In [13]:
import nltk # natural language toolkit
import re # Regula expression
import numpy as np
import pandas as pd
import warnings
from nltk.corpus import stopwords
from nltk.tokenize import sent_tokenize
from nltk.stem import PorterStemmer, WordNetLemmatizer
from sklearn.feature_extraction.text import CountVectorizer
from nltk import word_tokenize

warnings.filterwarnings("ignore")

In [2]:
paragraph = """
Samurai (侍) or bushi (武士, [bɯ.ɕi]) were members of the warrior class in Japan. They were originally provincial warriors who served the Kuge and imperial court in the late 12th century. Samurai eventually came to play a major political role until their abolition in the late 1870s during the Meiji era.[1][2]

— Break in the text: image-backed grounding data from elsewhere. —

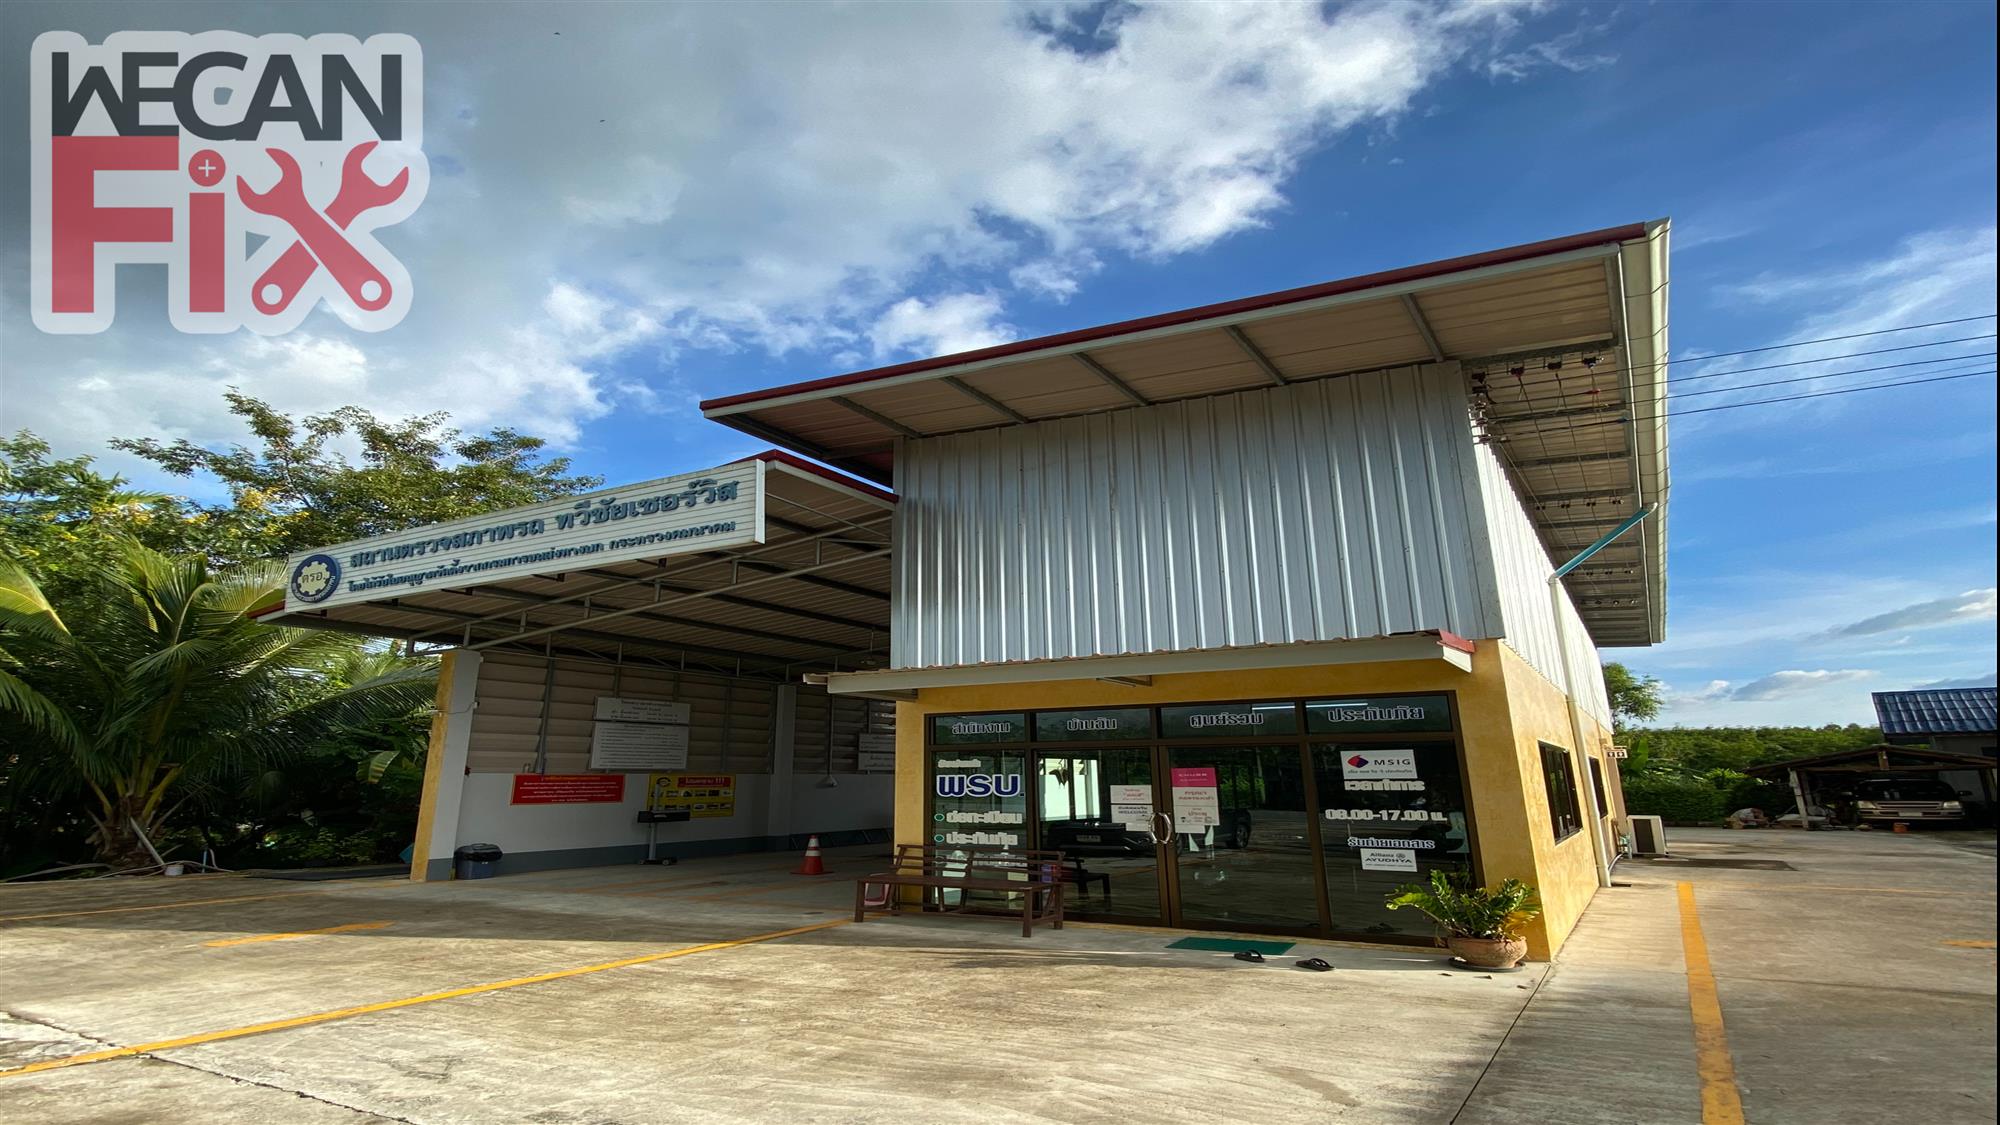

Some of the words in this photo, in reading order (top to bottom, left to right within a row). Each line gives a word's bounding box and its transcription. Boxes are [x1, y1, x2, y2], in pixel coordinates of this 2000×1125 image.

[350, 518, 545, 568] สถานตรวจสภาพรถ
[556, 478, 740, 531] ทวีชัยเซอร์วิส
[609, 521, 736, 551] กระทรวงคมนาคม
[951, 721, 1011, 735] สำนักงาน
[1190, 711, 1264, 729] ศูนย์รวม
[1327, 705, 1425, 722] ประกันภัย
[1374, 758, 1411, 766] MSIG
[1325, 808, 1429, 821] 08.00-17.00
[1346, 836, 1436, 850] รับถ่ายเอกสาร

In the Heian period, powerful regional clans were relied on to put down rebellions. After power struggles, the Taira clan defeated the Minamoto clan in 1160.[3] After the Minamoto defeated the Taira in 1185, Minamoto no Yoritomo established the Kamakura shogunate, a parallel government that did not supplant the imperial court.[4][5] The warriors who served the Shogunate were called gokenin, landholding warriors whose retainers were called samurai.[6][7] Gokenin were regulated by the Samurai-dokoro.
"""

In [3]:
# initialise necessary objects

ps = PorterStemmer()
lemmatizer = WordNetLemmatizer()

In [4]:
sentences = sent_tokenize(paragraph)

In [5]:
sentences

['\nSamurai (侍) or bushi (武士, [bɯ.ɕi]) were members of the warrior class in Japan.',
 'They were originally provincial warriors who served the Kuge and imperial court in the late 12th century.',
 'Samurai eventually came to play a major political role until their abolition in the late 1870s during the Meiji era.',
 '[1][2]\n\nIn the Heian period, powerful regional clans were relied on to put down rebellions.',
 'After power struggles, the Taira clan defeated the Minamoto clan in 1160.',
 '[3] After the Minamoto defeated the Taira in 1185, Minamoto no Yoritomo established the Kamakura shogunate, a parallel government that did not supplant the imperial court.',
 '[4][5] The warriors who served the Shogunate were called gokenin, landholding warriors whose retainers were called samurai.',
 '[6][7] Gokenin were regulated by the Samurai-dokoro.']

In [6]:
# Stopwords handling

try:
    stop_words = set(stopwords.words("english"))
except:
    nltk.download("stopwords")
    stop_words = set(stopwords.words("english"))

In [10]:
# Preprocessing text

corpus = []

for sentence in sentences:
    review = re.sub(r'[^a-zA-Z]', ' ', sentence)  # Remove non-alphabetic characters
    review = review.lower()  # Convert to lowercase
    review = review.split()  # Tokenize words
    
    # Stemming
    review = [ps.stem(word) for word in review if word not in stop_words]
    
    # Join words back into a single string
    review = ' '.join(review)
    
    corpus.append(review)

In [11]:
# Creating bag of words model

cv = CountVectorizer(max_features = 1500)
X = cv.fit_transform(corpus).toarray()

In [12]:
# Model output

print("Output from bag of words model is:\n ", X[ :3])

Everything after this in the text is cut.